■ **Stored data entries**
┄┄┄┄┄┄┄┄┄┄
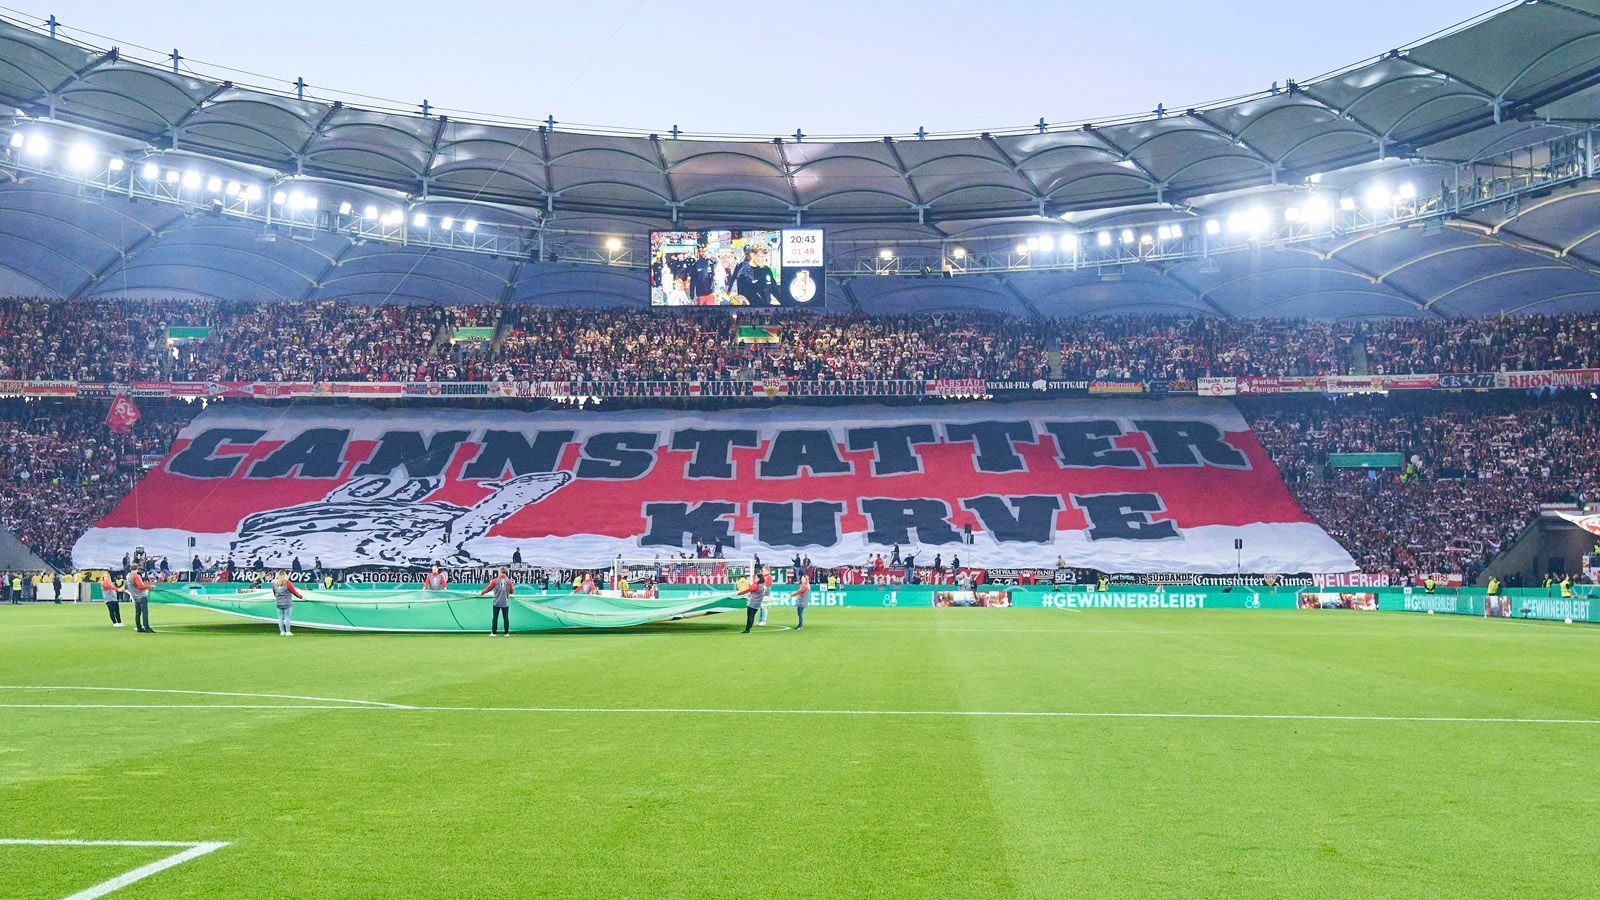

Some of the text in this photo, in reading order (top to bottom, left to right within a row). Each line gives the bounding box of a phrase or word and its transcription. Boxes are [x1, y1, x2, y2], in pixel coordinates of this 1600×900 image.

[790, 235, 816, 244] 20:43
[937, 379, 986, 387] ALBSTADT
[986, 381, 1088, 389] NECKAR-FILS STUTTGART
[1476, 374, 1492, 387] 77
[1553, 373, 1582, 385] DONAU
[441, 384, 488, 394] BERKHEIM
[570, 382, 691, 396] CANNSTATTER
[700, 382, 752, 396] KURVE
[788, 380, 926, 395] NECKARSTADION
[166, 419, 1252, 481] CANNSTATTER
[641, 492, 1184, 547] KURVE
[1194, 575, 1264, 586] Cannstatter
[1041, 593, 1206, 608] #GEWINNERBLEIBT
┄┄┄┄┄┄┄┄┄┄
■ **Your instructions**
The records above should be written out in full and unchanged, except that pictures are dropped.

■ **Solution**
Some of the text in this photo, in reading order (top to bottom, left to right within a row). Each line gives the bounding box of a phrase or word and its transcription. Boxes are [x1, y1, x2, y2], in pixel coordinates of this 1600×900 image.

[790, 235, 816, 244] 20:43
[937, 379, 986, 387] ALBSTADT
[986, 381, 1088, 389] NECKAR-FILS STUTTGART
[1476, 374, 1492, 387] 77
[1553, 373, 1582, 385] DONAU
[441, 384, 488, 394] BERKHEIM
[570, 382, 691, 396] CANNSTATTER
[700, 382, 752, 396] KURVE
[788, 380, 926, 395] NECKARSTADION
[166, 419, 1252, 481] CANNSTATTER
[641, 492, 1184, 547] KURVE
[1194, 575, 1264, 586] Cannstatter
[1041, 593, 1206, 608] #GEWINNERBLEIBT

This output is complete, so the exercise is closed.